Martha Daniel Lul

Martha Daniel Lul is 52-year-old widow who lives in the Internal Displaced Persons (IDPs) Camp at UN-House-POC 1, Block B, since 2013. She is a mother of eight children - three boys and five girls – and has 13 grandchildren.

Martha was born in Pangak, Jonglei State in the Republic of South Sudan. She got married in 1984 at the age of 16 and had two children with him. She lost her husband in 1990 in the bush during the Anyanya one rebellion war and although she has never remarried, she was inherited by her deceased husband’s brothers - as per Nuer tradition – with whom she had more children in her husband’s name. 

“Like many South Sudanese who grow up or lived during the civil war between Sudan and South Sudan, we were displaced from our ancestral land in Pangak to Khartoum in around 1998. There was no camp like the one we live in today, but the difference is that in Khartoum we were working but here we typically depend on the UN and other NGOs for assistance. If they give you something, then you will take it. But if they don’t give you anything then you suffer.

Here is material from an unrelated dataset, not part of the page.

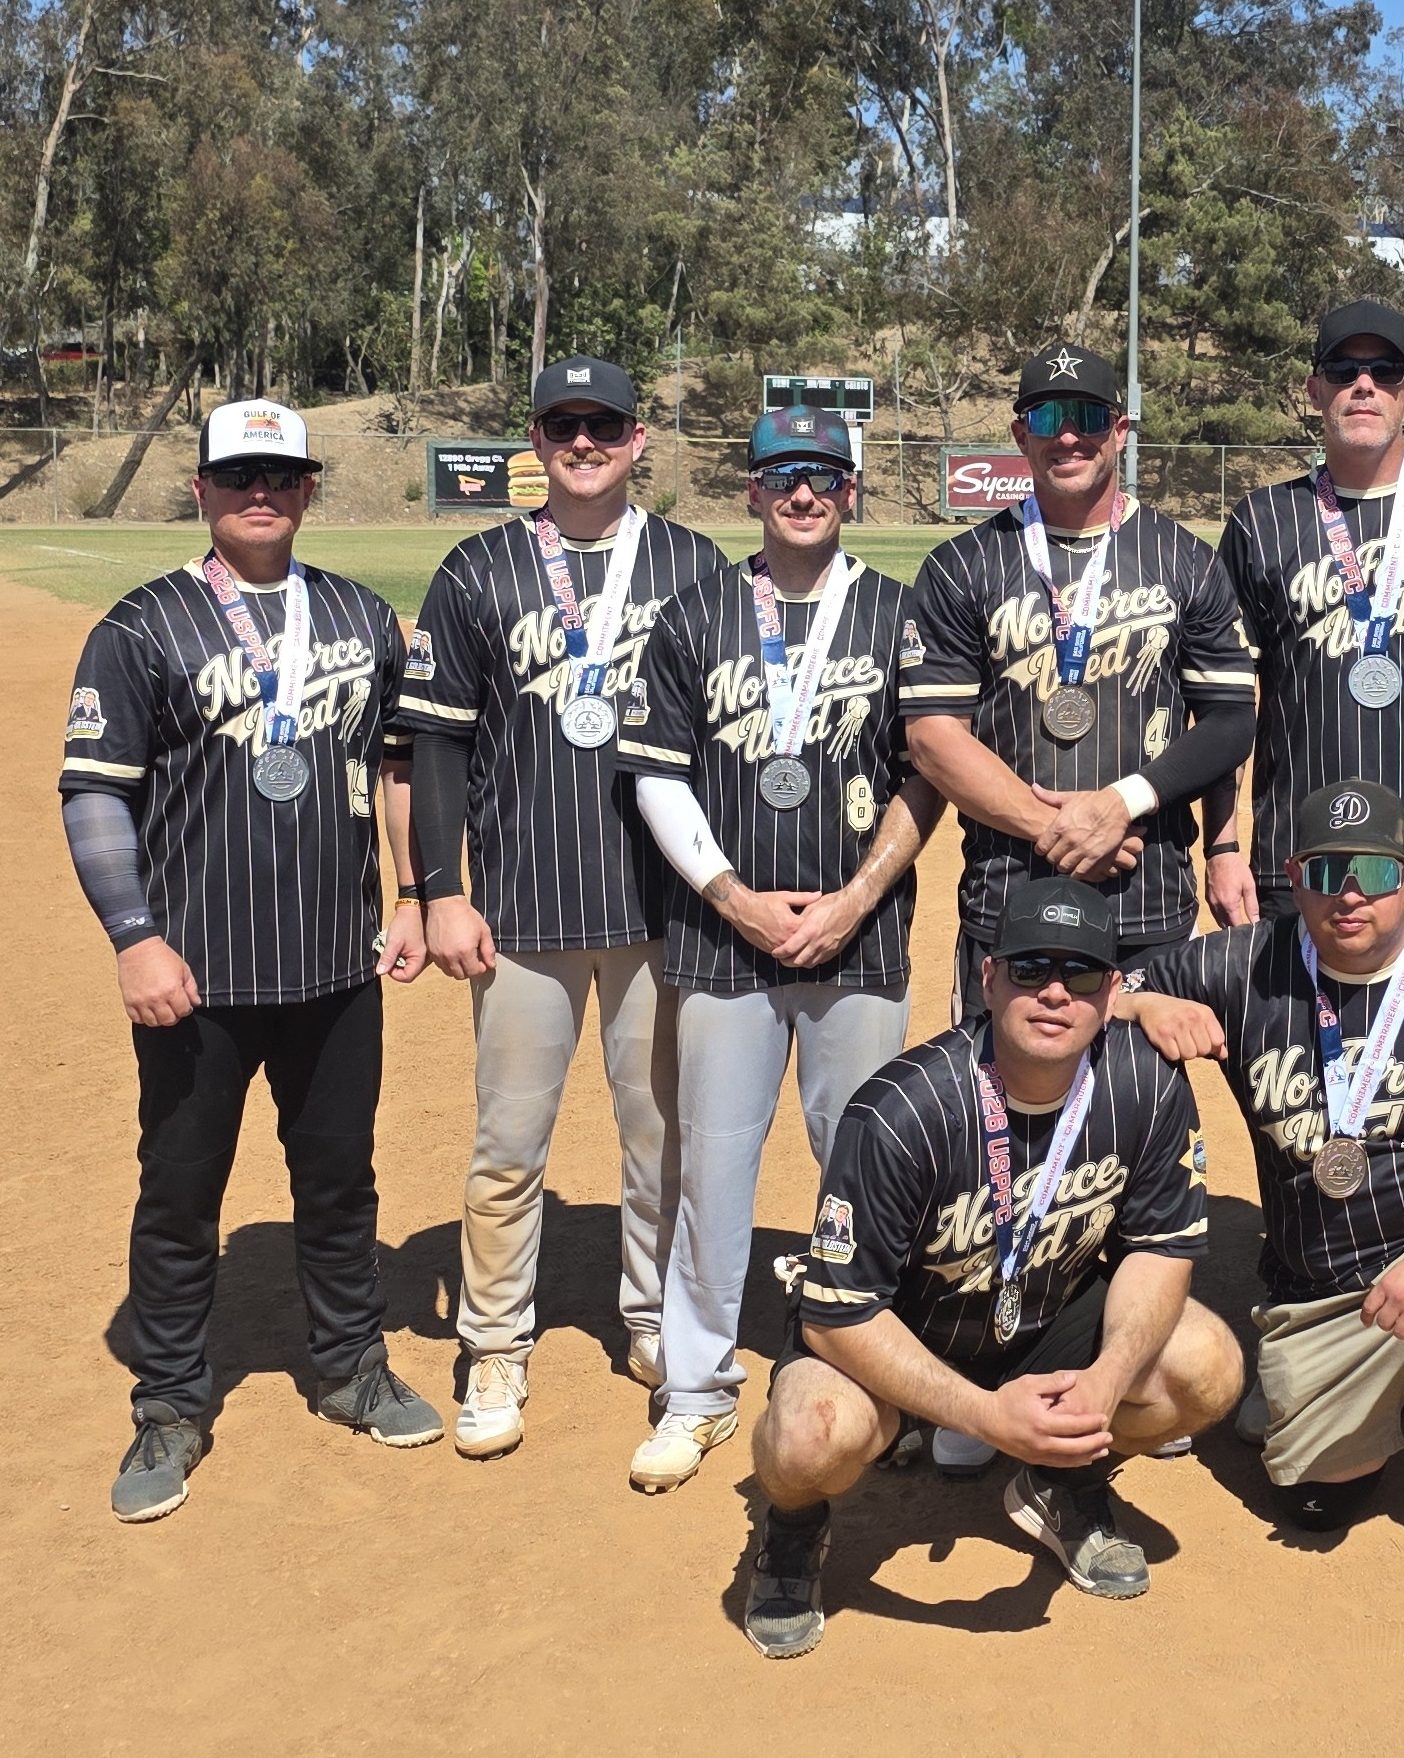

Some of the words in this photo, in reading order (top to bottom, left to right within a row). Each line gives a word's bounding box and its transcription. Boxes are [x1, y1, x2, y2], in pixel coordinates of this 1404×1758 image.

“We have to remember that the organisations’ operations are based on budgets. The challenge here is that someone like me with many responsibilities cannot purely rely on NGOs for our personal needs and for your extended families”.

“Here in the POCs there are campaigns and awareness on COVID-19 prevention run every day by different organizations. They have translated messages in  various local languages for everyone to understand, and they have even provided each household with soaps and containers for washing hands. Although my relatives, my friends and I have not been affected by COVID-19, my main fear is that this camp is so congested and crowded if Coronavirus reaches here, we will all die helplessly. Here in the POCs we rely on temporary facilities as clinics and they cannot manage all of us. We are scared. 

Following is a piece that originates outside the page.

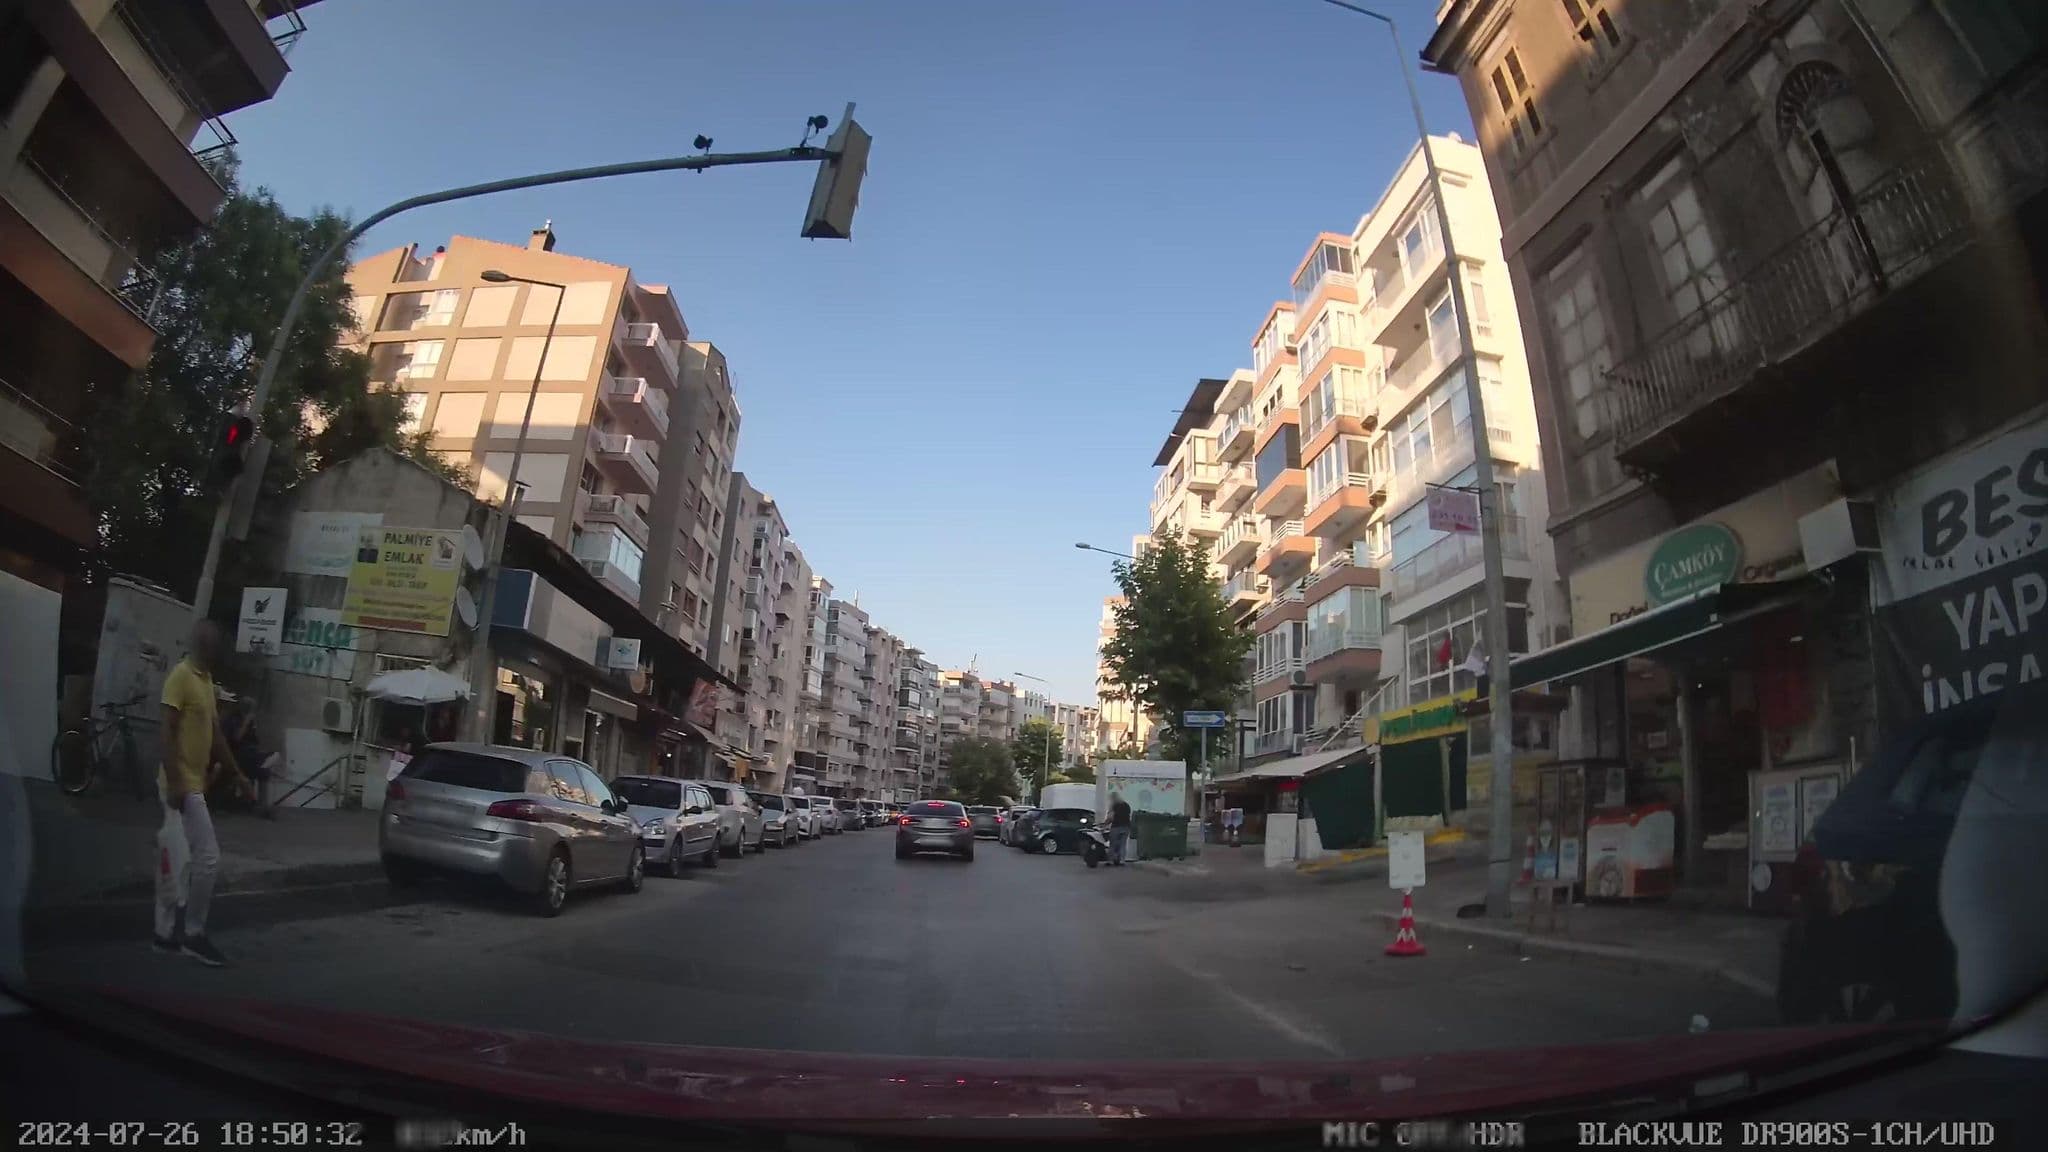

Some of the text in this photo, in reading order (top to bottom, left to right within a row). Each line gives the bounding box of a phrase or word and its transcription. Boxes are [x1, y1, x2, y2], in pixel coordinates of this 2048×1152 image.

[384, 532, 433, 546] PALMİYE
[384, 551, 425, 564] EMLAK
[1654, 543, 1725, 591] ÇAMKÖY

“As older people we like to move around and visit our friends to chat with them. But now, we are being told to minimize and stop our movements during this COVID-19 period. It’s making us isolated and traumatised. We were given two months food rations by WFP but the food we received is about to get finished within the first month. I do not know what is going to happen.

“What is paining me now is that the 9,750 SSP (40 USD)  that was given to me by HelpAge International in 2018 as livelihood support to run a small business is about to consume both the capital and the profit because of this lockdown.

“I sell food and other items, such as dried fish, soap, tomatoes, onion, cooking oil, salt, and charcoal. The business wasn’t bad because I was able to buy soap and pay school fees for my grandchildren. But now, I am unable to go to town to buy goods for my business. 

“Since I received the cash, I have made about 50,000 - 60,000 SSP profit. In a day I earned between 700 – 1,200 SSP a day. 

“Now that we are in lockdown I cannot do anything. All the stores and shops in the town are closed. It has paralyzed my business! I was thinking of starting to collect firewood from the bushes to sale here in the POCs but the firewood collection point is very far away and I cannot manage with my age. It’s only young people and those who are still strong who can do this. 

“The food WFP gives us is not enough, especially for us older people. I used to buy other foods like fish, meat or eggs using part of my profits, but now I don’t know what to do. Again, if COVID 19 ends and schools reopen, how will I assist my grandchildren? It is challenging! 

“Indeed, life is currently very challenging. I have cut back on the diet I used to have and now rely purely on beans from WFP. But I think it will have implications for my body. 

“One of the biggest challenges we have in the camp is that our community leaders are also displaced persons. They are also vulnerable and depend on support from the UN and NGOS as well, they can’t help us unless maybe by disseminating information on COVID 19. 

“Our biggest fear currently in the camp is Coronavirus. If I am infected, I don’t know how I will survive. I strongly commend all partners that continue with the campaigns and awareness about COVID 19 they should be done on all platforms especially through the radios.”